• _Records supplied_
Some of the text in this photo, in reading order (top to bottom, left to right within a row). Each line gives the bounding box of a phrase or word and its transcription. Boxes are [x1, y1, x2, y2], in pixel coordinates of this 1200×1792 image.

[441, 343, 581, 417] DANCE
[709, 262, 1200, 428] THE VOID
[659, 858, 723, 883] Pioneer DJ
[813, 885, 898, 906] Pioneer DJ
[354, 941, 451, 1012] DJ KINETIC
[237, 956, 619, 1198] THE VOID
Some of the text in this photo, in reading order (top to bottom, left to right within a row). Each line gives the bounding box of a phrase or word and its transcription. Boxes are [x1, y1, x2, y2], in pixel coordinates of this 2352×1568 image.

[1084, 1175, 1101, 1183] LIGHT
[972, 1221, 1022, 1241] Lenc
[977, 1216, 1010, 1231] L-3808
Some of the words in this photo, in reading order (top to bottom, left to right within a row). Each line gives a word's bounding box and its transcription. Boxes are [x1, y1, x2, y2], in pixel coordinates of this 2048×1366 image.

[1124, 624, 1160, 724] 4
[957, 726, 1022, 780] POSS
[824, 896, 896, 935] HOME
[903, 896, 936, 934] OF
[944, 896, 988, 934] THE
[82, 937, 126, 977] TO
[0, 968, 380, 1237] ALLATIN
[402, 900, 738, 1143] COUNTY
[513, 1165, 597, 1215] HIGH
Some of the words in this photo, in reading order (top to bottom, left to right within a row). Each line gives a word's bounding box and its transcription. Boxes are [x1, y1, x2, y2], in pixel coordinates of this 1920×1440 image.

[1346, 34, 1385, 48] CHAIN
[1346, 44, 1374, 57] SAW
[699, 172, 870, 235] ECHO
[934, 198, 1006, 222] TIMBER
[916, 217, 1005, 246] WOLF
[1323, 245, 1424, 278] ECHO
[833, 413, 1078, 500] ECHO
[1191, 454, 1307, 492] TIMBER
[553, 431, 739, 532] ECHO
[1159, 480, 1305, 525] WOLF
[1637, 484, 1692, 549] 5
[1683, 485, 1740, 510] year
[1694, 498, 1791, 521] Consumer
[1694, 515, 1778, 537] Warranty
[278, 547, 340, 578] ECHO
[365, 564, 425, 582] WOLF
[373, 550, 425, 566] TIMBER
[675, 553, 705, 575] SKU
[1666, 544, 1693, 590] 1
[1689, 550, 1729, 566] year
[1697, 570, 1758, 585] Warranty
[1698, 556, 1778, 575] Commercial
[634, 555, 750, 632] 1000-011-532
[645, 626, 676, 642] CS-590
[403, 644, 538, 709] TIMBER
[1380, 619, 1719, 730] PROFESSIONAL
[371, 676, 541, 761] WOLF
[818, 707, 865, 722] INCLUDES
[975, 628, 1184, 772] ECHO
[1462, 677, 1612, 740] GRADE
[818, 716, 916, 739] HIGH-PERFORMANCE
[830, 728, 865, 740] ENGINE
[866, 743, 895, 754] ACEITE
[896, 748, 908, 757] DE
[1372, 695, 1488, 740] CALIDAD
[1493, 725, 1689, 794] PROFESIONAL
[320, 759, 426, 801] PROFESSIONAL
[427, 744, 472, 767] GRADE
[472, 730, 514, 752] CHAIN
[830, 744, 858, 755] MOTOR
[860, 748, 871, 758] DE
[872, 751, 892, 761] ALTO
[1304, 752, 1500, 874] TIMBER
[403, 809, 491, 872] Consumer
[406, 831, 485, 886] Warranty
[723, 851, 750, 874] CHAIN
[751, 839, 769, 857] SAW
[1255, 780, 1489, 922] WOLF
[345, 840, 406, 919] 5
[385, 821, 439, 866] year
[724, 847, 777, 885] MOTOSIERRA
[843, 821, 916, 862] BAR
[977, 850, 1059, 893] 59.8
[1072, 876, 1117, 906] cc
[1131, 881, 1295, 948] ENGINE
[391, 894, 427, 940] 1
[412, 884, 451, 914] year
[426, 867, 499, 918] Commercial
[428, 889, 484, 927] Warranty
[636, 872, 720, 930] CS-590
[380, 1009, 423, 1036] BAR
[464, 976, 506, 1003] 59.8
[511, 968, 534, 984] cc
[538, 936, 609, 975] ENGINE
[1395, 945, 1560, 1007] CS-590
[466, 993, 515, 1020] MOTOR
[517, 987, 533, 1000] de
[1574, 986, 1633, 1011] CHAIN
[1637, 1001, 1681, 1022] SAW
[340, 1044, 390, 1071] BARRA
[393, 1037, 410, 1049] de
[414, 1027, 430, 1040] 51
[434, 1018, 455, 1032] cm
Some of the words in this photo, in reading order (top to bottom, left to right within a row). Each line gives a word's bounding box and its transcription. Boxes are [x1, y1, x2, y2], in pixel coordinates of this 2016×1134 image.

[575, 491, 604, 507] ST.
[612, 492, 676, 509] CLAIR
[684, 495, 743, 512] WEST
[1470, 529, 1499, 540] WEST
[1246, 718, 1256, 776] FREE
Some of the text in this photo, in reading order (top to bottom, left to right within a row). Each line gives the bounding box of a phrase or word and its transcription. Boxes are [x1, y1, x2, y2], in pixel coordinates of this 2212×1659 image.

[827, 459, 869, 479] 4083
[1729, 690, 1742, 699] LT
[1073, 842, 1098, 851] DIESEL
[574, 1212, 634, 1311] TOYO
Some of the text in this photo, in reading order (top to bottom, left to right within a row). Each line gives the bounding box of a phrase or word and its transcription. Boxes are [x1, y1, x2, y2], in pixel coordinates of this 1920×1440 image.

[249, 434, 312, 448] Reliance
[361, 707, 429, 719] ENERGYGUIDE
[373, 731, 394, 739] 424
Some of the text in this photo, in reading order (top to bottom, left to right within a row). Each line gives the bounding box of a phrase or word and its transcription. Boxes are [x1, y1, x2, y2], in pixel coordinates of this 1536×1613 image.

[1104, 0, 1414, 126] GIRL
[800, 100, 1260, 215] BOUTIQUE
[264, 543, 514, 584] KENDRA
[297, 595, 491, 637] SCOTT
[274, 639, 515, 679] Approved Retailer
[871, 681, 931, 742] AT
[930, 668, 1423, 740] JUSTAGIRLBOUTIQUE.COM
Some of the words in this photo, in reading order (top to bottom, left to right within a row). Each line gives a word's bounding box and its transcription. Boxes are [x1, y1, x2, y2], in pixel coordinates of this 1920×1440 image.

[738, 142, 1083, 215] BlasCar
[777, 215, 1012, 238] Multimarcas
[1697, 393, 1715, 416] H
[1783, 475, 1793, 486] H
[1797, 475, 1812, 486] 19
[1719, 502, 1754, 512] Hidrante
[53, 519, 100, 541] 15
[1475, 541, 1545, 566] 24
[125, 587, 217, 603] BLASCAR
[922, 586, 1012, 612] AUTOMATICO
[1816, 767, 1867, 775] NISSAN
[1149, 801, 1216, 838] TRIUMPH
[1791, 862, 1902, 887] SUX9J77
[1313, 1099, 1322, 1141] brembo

• _Prompt_
Repeat every line of the data, exactly and in full.

• _Written answer_
Some of the text in this photo, in reading order (top to bottom, left to right within a row). Each line gives the bounding box of a phrase or word and its transcription. Boxes are [x1, y1, x2, y2], in pixel coordinates of this 1200×1792 image.

[441, 343, 581, 417] DANCE
[709, 262, 1200, 428] THE VOID
[659, 858, 723, 883] Pioneer DJ
[813, 885, 898, 906] Pioneer DJ
[354, 941, 451, 1012] DJ KINETIC
[237, 956, 619, 1198] THE VOID
Some of the text in this photo, in reading order (top to bottom, left to right within a row). Each line gives the bounding box of a phrase or word and its transcription. Boxes are [x1, y1, x2, y2], in pixel coordinates of this 2352×1568 image.

[1084, 1175, 1101, 1183] LIGHT
[972, 1221, 1022, 1241] Lenc
[977, 1216, 1010, 1231] L-3808
Some of the words in this photo, in reading order (top to bottom, left to right within a row). Each line gives a word's bounding box and its transcription. Boxes are [x1, y1, x2, y2], in pixel coordinates of this 2048×1366 image.

[1124, 624, 1160, 724] 4
[957, 726, 1022, 780] POSS
[824, 896, 896, 935] HOME
[903, 896, 936, 934] OF
[944, 896, 988, 934] THE
[82, 937, 126, 977] TO
[0, 968, 380, 1237] ALLATIN
[402, 900, 738, 1143] COUNTY
[513, 1165, 597, 1215] HIGH
Some of the words in this photo, in reading order (top to bottom, left to right within a row). Each line gives a word's bounding box and its transcription. Boxes are [x1, y1, x2, y2], in pixel coordinates of this 1920×1440 image.

[1346, 34, 1385, 48] CHAIN
[1346, 44, 1374, 57] SAW
[699, 172, 870, 235] ECHO
[934, 198, 1006, 222] TIMBER
[916, 217, 1005, 246] WOLF
[1323, 245, 1424, 278] ECHO
[833, 413, 1078, 500] ECHO
[1191, 454, 1307, 492] TIMBER
[553, 431, 739, 532] ECHO
[1159, 480, 1305, 525] WOLF
[1637, 484, 1692, 549] 5
[1683, 485, 1740, 510] year
[1694, 498, 1791, 521] Consumer
[1694, 515, 1778, 537] Warranty
[278, 547, 340, 578] ECHO
[365, 564, 425, 582] WOLF
[373, 550, 425, 566] TIMBER
[675, 553, 705, 575] SKU
[1666, 544, 1693, 590] 1
[1689, 550, 1729, 566] year
[1697, 570, 1758, 585] Warranty
[1698, 556, 1778, 575] Commercial
[634, 555, 750, 632] 1000-011-532
[645, 626, 676, 642] CS-590
[403, 644, 538, 709] TIMBER
[1380, 619, 1719, 730] PROFESSIONAL
[371, 676, 541, 761] WOLF
[818, 707, 865, 722] INCLUDES
[975, 628, 1184, 772] ECHO
[1462, 677, 1612, 740] GRADE
[818, 716, 916, 739] HIGH-PERFORMANCE
[830, 728, 865, 740] ENGINE
[866, 743, 895, 754] ACEITE
[896, 748, 908, 757] DE
[1372, 695, 1488, 740] CALIDAD
[1493, 725, 1689, 794] PROFESIONAL
[320, 759, 426, 801] PROFESSIONAL
[427, 744, 472, 767] GRADE
[472, 730, 514, 752] CHAIN
[830, 744, 858, 755] MOTOR
[860, 748, 871, 758] DE
[872, 751, 892, 761] ALTO
[1304, 752, 1500, 874] TIMBER
[403, 809, 491, 872] Consumer
[406, 831, 485, 886] Warranty
[723, 851, 750, 874] CHAIN
[751, 839, 769, 857] SAW
[1255, 780, 1489, 922] WOLF
[345, 840, 406, 919] 5
[385, 821, 439, 866] year
[724, 847, 777, 885] MOTOSIERRA
[843, 821, 916, 862] BAR
[977, 850, 1059, 893] 59.8
[1072, 876, 1117, 906] cc
[1131, 881, 1295, 948] ENGINE
[391, 894, 427, 940] 1
[412, 884, 451, 914] year
[426, 867, 499, 918] Commercial
[428, 889, 484, 927] Warranty
[636, 872, 720, 930] CS-590
[380, 1009, 423, 1036] BAR
[464, 976, 506, 1003] 59.8
[511, 968, 534, 984] cc
[538, 936, 609, 975] ENGINE
[1395, 945, 1560, 1007] CS-590
[466, 993, 515, 1020] MOTOR
[517, 987, 533, 1000] de
[1574, 986, 1633, 1011] CHAIN
[1637, 1001, 1681, 1022] SAW
[340, 1044, 390, 1071] BARRA
[393, 1037, 410, 1049] de
[414, 1027, 430, 1040] 51
[434, 1018, 455, 1032] cm
Some of the words in this photo, in reading order (top to bottom, left to right within a row). Each line gives a word's bounding box and its transcription. Boxes are [x1, y1, x2, y2], in pixel coordinates of this 2016×1134 image.

[575, 491, 604, 507] ST.
[612, 492, 676, 509] CLAIR
[684, 495, 743, 512] WEST
[1470, 529, 1499, 540] WEST
[1246, 718, 1256, 776] FREE
Some of the text in this photo, in reading order (top to bottom, left to right within a row). Each line gives the bounding box of a phrase or word and its transcription. Boxes are [x1, y1, x2, y2], in pixel coordinates of this 2212×1659 image.

[827, 459, 869, 479] 4083
[1729, 690, 1742, 699] LT
[1073, 842, 1098, 851] DIESEL
[574, 1212, 634, 1311] TOYO
Some of the text in this photo, in reading order (top to bottom, left to right within a row). Each line gives the bounding box of a phrase or word and its transcription. Boxes are [x1, y1, x2, y2], in pixel coordinates of this 1920×1440 image.

[249, 434, 312, 448] Reliance
[361, 707, 429, 719] ENERGYGUIDE
[373, 731, 394, 739] 424
Some of the text in this photo, in reading order (top to bottom, left to right within a row). Each line gives the bounding box of a phrase or word and its transcription. Boxes are [x1, y1, x2, y2], in pixel coordinates of this 1536×1613 image.

[1104, 0, 1414, 126] GIRL
[800, 100, 1260, 215] BOUTIQUE
[264, 543, 514, 584] KENDRA
[297, 595, 491, 637] SCOTT
[274, 639, 515, 679] Approved Retailer
[871, 681, 931, 742] AT
[930, 668, 1423, 740] JUSTAGIRLBOUTIQUE.COM
Some of the words in this photo, in reading order (top to bottom, left to right within a row). Each line gives a word's bounding box and its transcription. Boxes are [x1, y1, x2, y2], in pixel coordinates of this 1920×1440 image.

[738, 142, 1083, 215] BlasCar
[777, 215, 1012, 238] Multimarcas
[1697, 393, 1715, 416] H
[1783, 475, 1793, 486] H
[1797, 475, 1812, 486] 19
[1719, 502, 1754, 512] Hidrante
[53, 519, 100, 541] 15
[1475, 541, 1545, 566] 24
[125, 587, 217, 603] BLASCAR
[922, 586, 1012, 612] AUTOMATICO
[1816, 767, 1867, 775] NISSAN
[1149, 801, 1216, 838] TRIUMPH
[1791, 862, 1902, 887] SUX9J77
[1313, 1099, 1322, 1141] brembo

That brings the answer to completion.